The Chinese economy, like the two other big EM economies in Brazil and India, is growing very quickly. This has been a boon for global growth and has caused capital to move to emerging markets. However, these economies are growing at rapid rates that are stoking inflation. China’s inflation rate is running at the fastest in two years. To date, the Chinese have focused on tightening reserve requirements as the principal way to bring their property bubble under control and to prevent inflation. Reserve requirements have been raised for three times in three weeks to 18.5%, a record high for most of the country’s banks. Price controls have also been introduced. This will almost certainly not be enough.

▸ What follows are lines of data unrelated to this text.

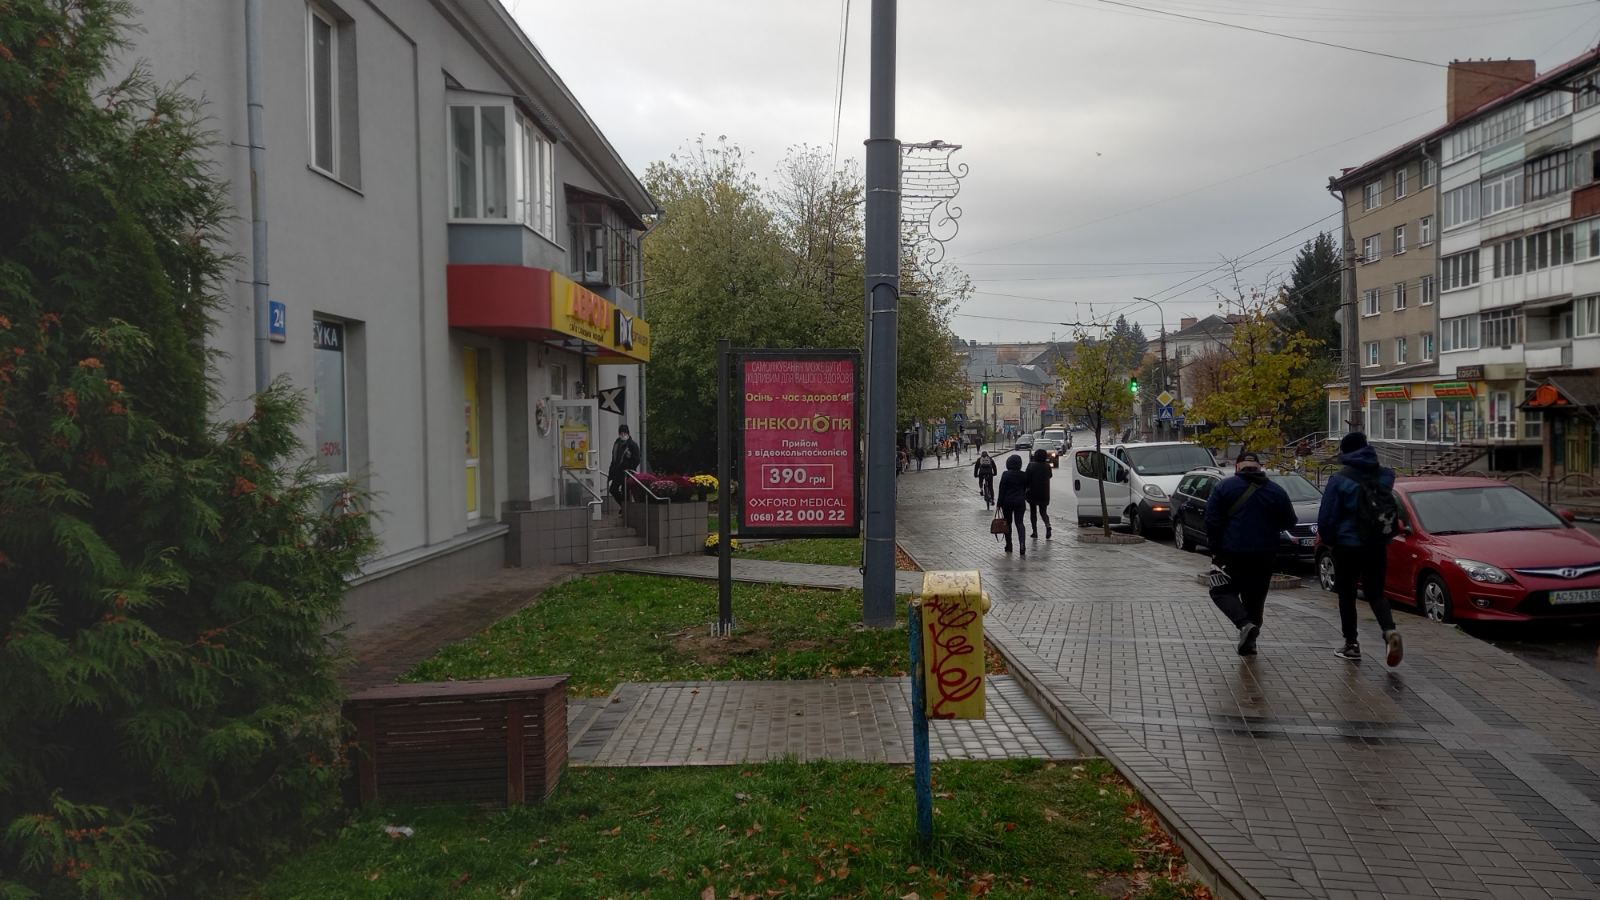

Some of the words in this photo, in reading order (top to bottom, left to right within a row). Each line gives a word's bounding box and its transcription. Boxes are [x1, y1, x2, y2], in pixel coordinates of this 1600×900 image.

[745, 392, 773, 402] Осінь
[782, 394, 799, 402] час
[745, 415, 851, 433] ГІНЕКОЛОГІЯ
[782, 440, 818, 449] Прийом
[769, 468, 807, 484] 390
[809, 476, 825, 485] грн
[749, 498, 796, 507] OXFORD
[800, 498, 846, 507] MEDICAL
[750, 512, 774, 522] (068)
[776, 510, 793, 521] 22
[797, 510, 824, 521] 000
[828, 510, 845, 521] 22
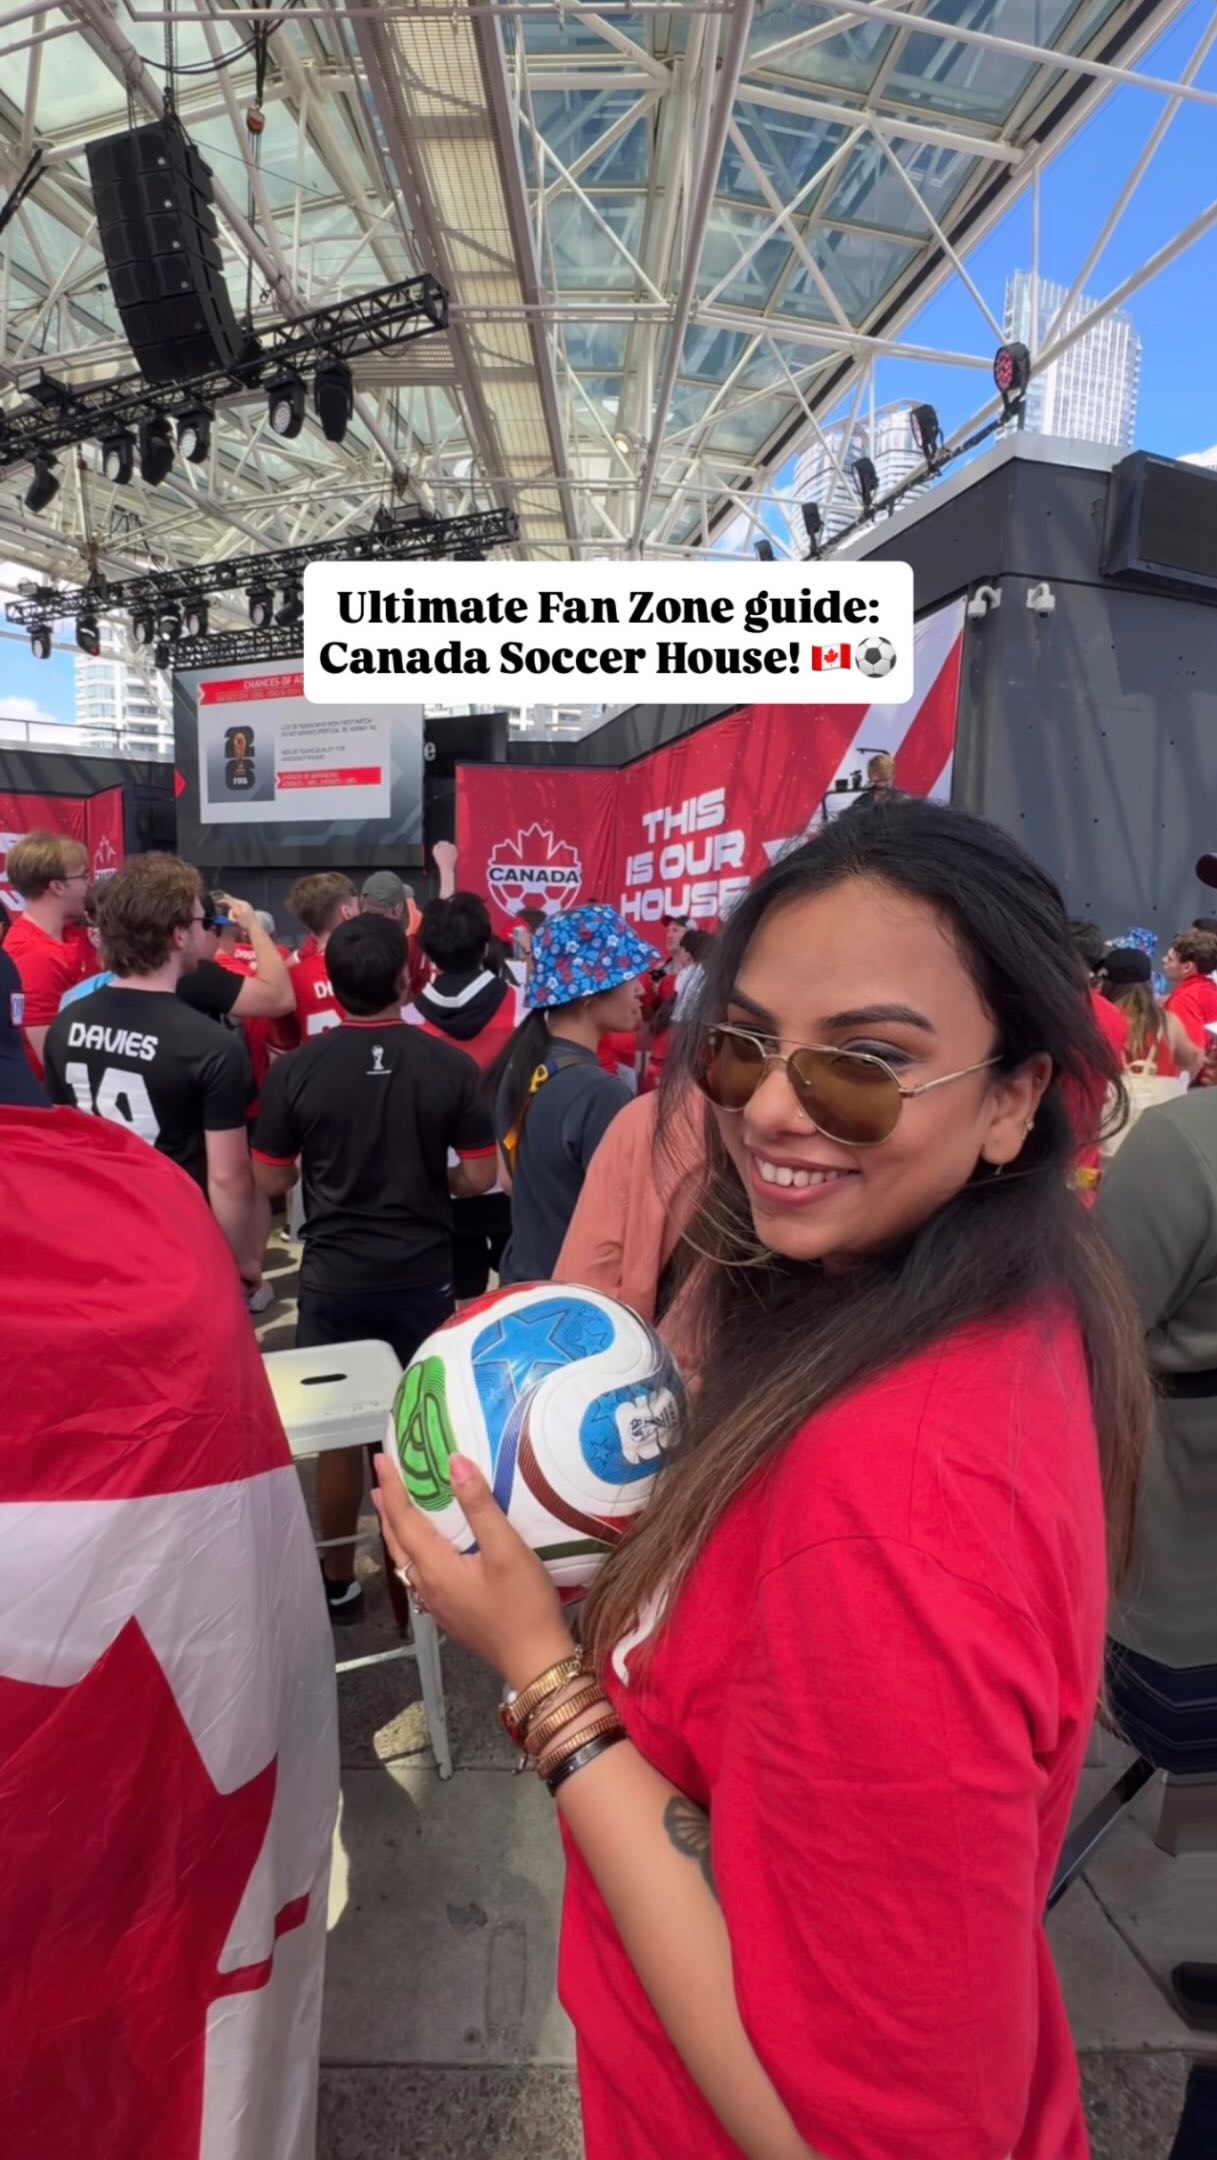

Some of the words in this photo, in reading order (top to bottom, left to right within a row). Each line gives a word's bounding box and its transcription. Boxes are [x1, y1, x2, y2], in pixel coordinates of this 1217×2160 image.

[232, 776, 249, 785] FIFA
[642, 786, 726, 844] THIS
[489, 867, 579, 884] CANADA
[625, 851, 654, 887] IS
[659, 829, 746, 881] OUR
[67, 1021, 159, 1062] DAVIES
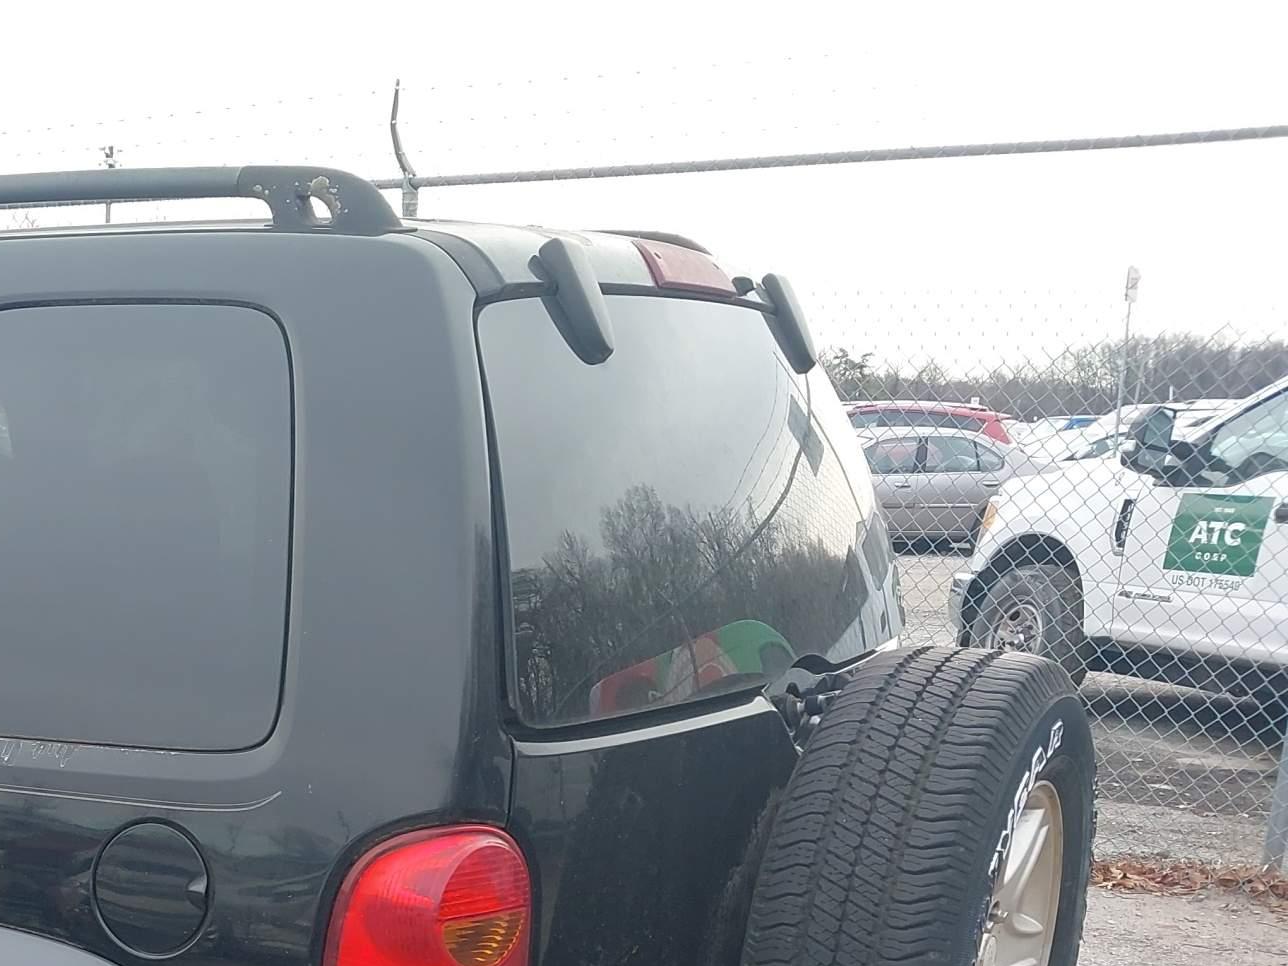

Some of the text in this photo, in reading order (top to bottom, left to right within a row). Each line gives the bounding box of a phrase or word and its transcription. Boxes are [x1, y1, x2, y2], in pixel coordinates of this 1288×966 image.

[1188, 520, 1247, 546] ATC
[1171, 574, 1184, 586] US
[1186, 576, 1208, 588] DOT

The price controls, in particular, are more likely to spawn shortages than contain inflation. At the weekend, the Chinese failed to raise interest rates and this has caused markets to race higher and commodity prices like copper to hit new multi-year highs. In the video linked below, I say that the Chinese certainly will move to revaluation and interest rate hikes in the new year.

On the bank issue, GE, a stealth financial, is hiking dividends. It’s only two cents and more than 50% below crisis level, but it is certainly headed in the right direction. On Friday I said this was a sign that GE feels more comfortable with its own liquidity and the near-term outlook to resume a more normal payout level. I anticipate that banks will do the same when given a green light by the Fed. I mentioned US Bancorp and JPMorgan Chase as two banks likely to hike as soon as possible.

The last issue we covered was Wells Fargo’s stance in favour of the Dodd-Frank Act provision forcing banks to retain residual exposure to any securitizations they perform. Wells says that only new mortgages backed by at most 70% loan-to-value deserve to be exempt from this provision. Clearly, Wells is in an advantageous position to make this call since they were never as dependent on the securitization market as other big banks to begin with. And because of credit derivatives, banks can easily try to hedge this residual exposure out, gutting the spirit of the rule. But, in the end you do want to see banks eating their own cooking rather than pawning off exposure in the securitization market. And so, on the margin, I view this favourably.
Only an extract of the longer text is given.